Can Breast Cancer Disappear?
Study Shows Some Cancers Detected by Mammograms Regress on Their Own; American Cancer Society Disagrees
By Kathleen Doheny
Reviewed by Louise Chang, MD
Study Shows Some Cancers Detected by Mammograms Regress on Their Own; American Cancer Society Disagrees
By Kathleen Doheny
Reviewed by Louise Chang, MD
Nov. 24, 2008 -- Can breast cancer disappear? The question may sound ridiculous, but some breast cancers detected on mammography may have spontaneously disappeared if they had not been found and treated, according to a team of researchers from Norway and Dartmouth Medical School.

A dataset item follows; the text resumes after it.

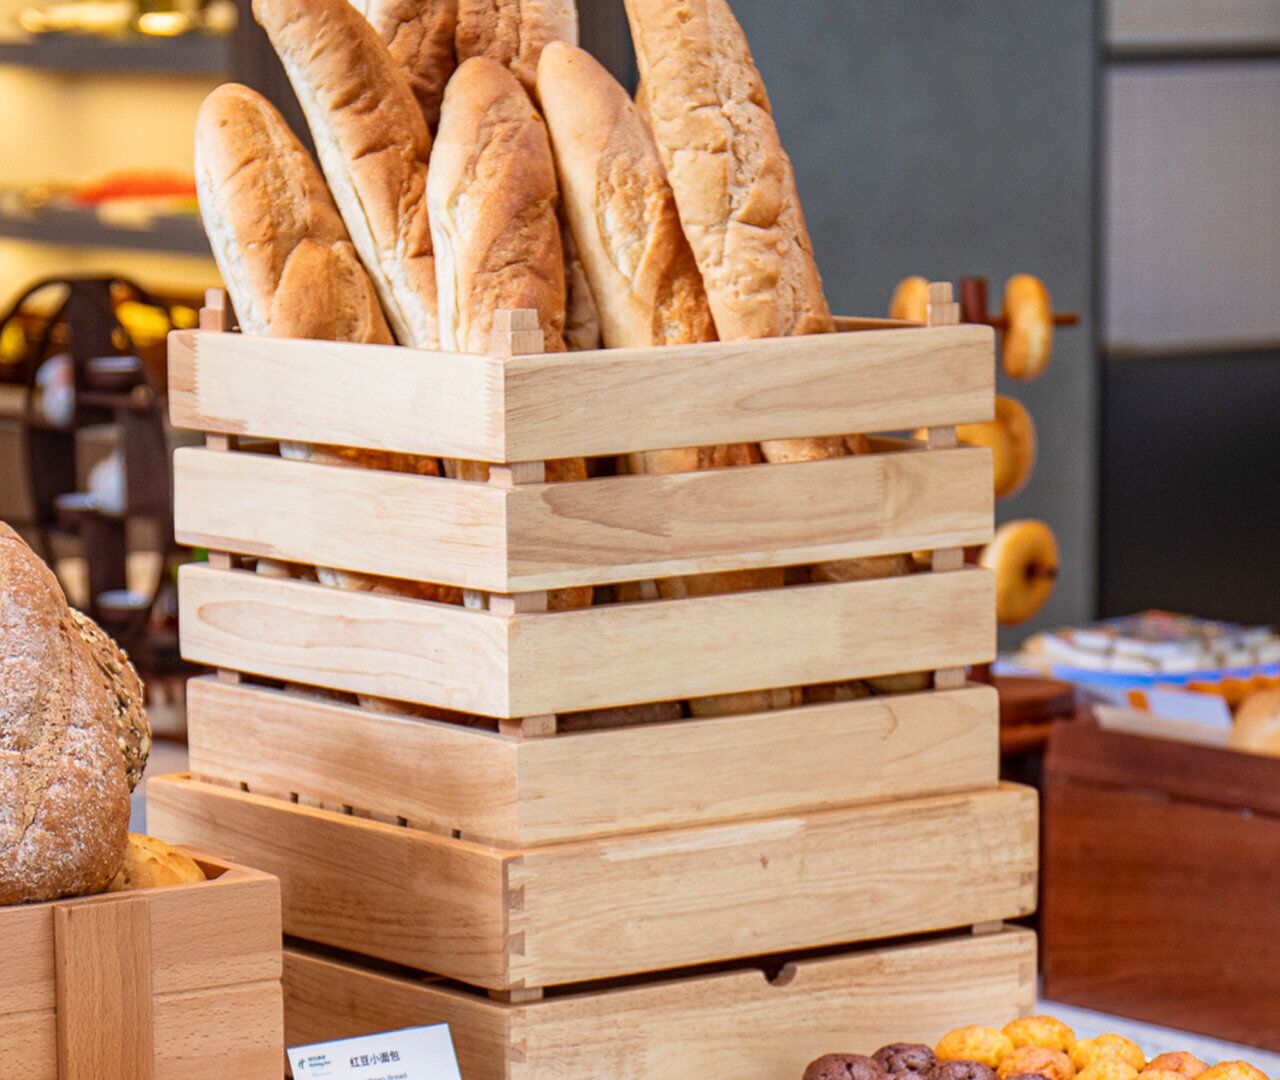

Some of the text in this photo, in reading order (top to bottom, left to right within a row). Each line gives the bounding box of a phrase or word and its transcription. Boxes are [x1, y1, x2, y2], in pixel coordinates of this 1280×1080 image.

But a spokesman for the American Cancer Society calls that conclusion an "overreaching leap in logic" and stresses that the benefits of regular mammograms far outweigh the potential harms.
"Some breast cancers will not continue to behave as cancers, even though they look like cancer under the microscope, and they grow and reach a size where they can be detected on mammograms," Jan Maehlen, MD, PhD, a study co-author, tells WebMD. "But if they had been left intact [instead of treated after detection], some will stop growing and shrink and disappear over a course of perhaps two years."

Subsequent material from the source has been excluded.